Scherven
Rituelen kalmeren me. Ik waggel uit bed en trek een versleten bruine badjas aan. Ik trek eraan, het blijft te kort voor mijn flinke postuur.
Ik schiet grijze slofjes aan en verhelp de druk in mijn blaas. Tegen mijn benen is er geduw en geronk. Ik aai mijn zwarte kat. Op weg naar de keuken, pas ik op, niet te vallen. Ik prop een te klein, vaalbruin filter in de machine, met hels kabaal van malende bonen vis ik tonijn uit de kast en werp de massa op een bord.

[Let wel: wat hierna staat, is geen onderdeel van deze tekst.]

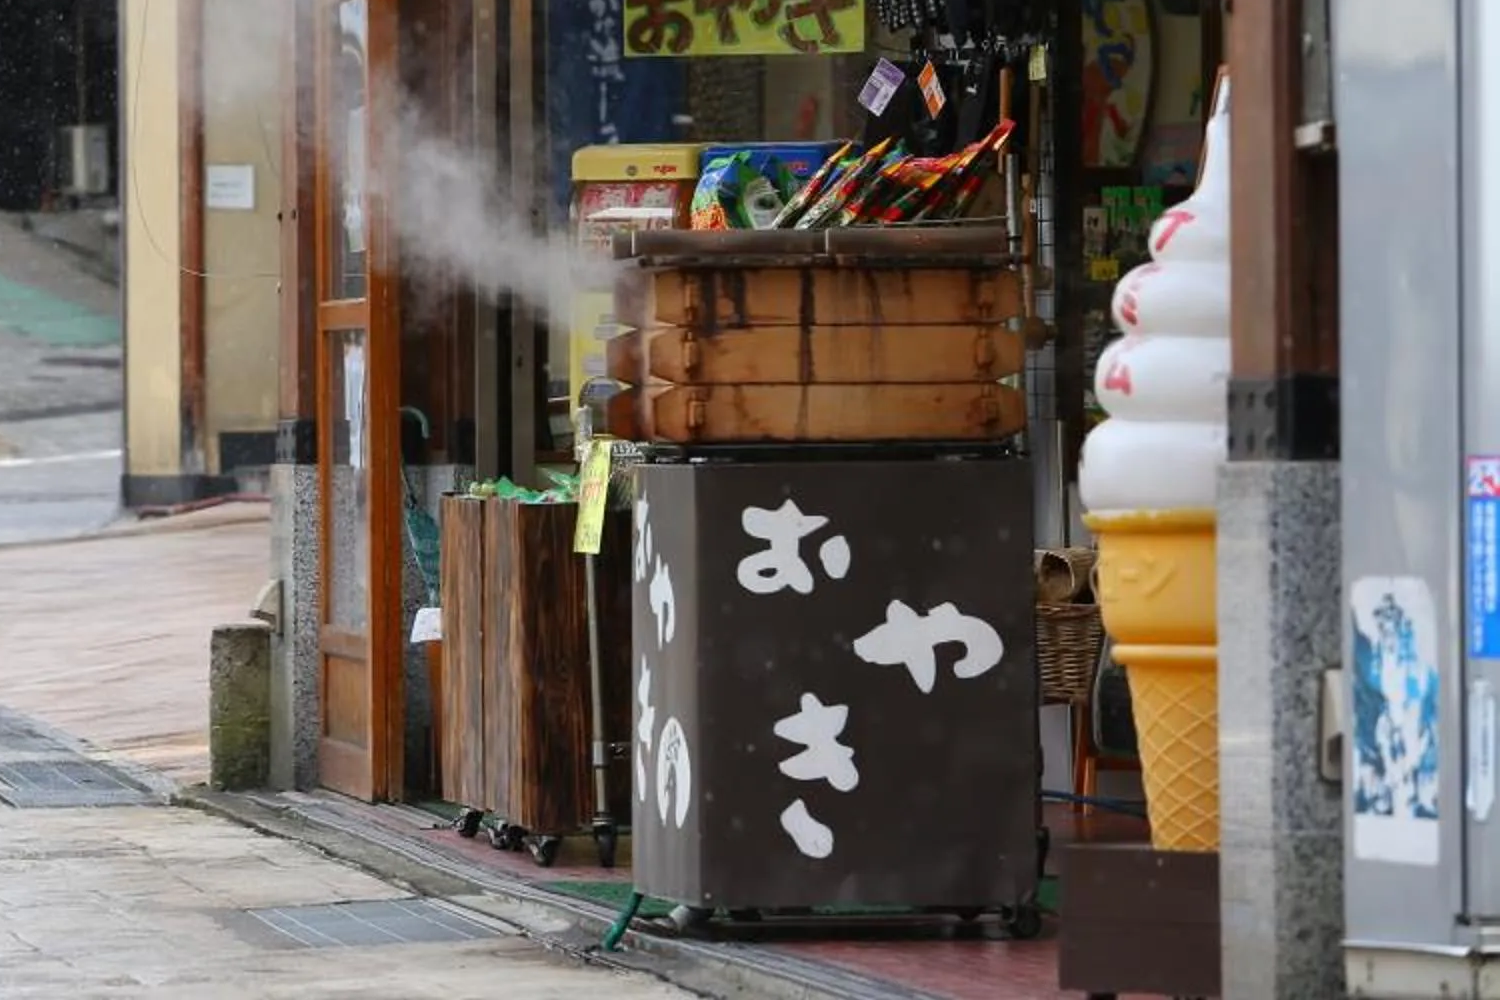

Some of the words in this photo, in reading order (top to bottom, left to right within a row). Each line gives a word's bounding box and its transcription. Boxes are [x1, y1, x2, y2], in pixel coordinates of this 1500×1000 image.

Mijn beloning is luidruchtig gemiauw. Ik ga zitten en wacht. Wachtend op het onvermijdelijke in dit huidige leven. Wel vaker tegenwoordig.
Ik hou van koffie met kardemonpitten. Ik draai mij om richting de koelkast. Een doffe klap. Ik doe het vaker. Donkerbruine vloeistof verspreidt zich naast de gebroken beker. De geur van ontbijt op de vloer. In mijn kop vloek ik. Seconden verstrijken. De kamer blijft stil. Ik doe niets en er komt niemand aangesneld.
Twaalf jaar geleden, zittend in een wit spijlenbed in een ziekenhuis, wachtte ik op een verlossend antwoord. Ik gooide koffie om, de arts kwam binnen en liet de koffie voor wat het was en trok de deur achter zich dicht. ‘Mevrouw, u heeft MS’.
Het bleef lang stil in de kamer. ‘Ach dokter, een rolstoel kan prima’. De zuster met haar blauwe jas bracht mij naar de uitgang. Ik glimlachte naar haar in de lift.
Ik buig me voorover en raap een scherf op. Een scherpe, gouden driehoek. Hoe verleidelijk ook.., ik kijk alleen. Dan veeg ik de rest van de scherven en de sporen van zwart bijeen. Ik doe het ermee denk ik, dit is wat ik ook ben. Kansen komen altijd.’
MS tast het centrale zenuwstelsel aan. De precieze oorzaak is nog onbekend.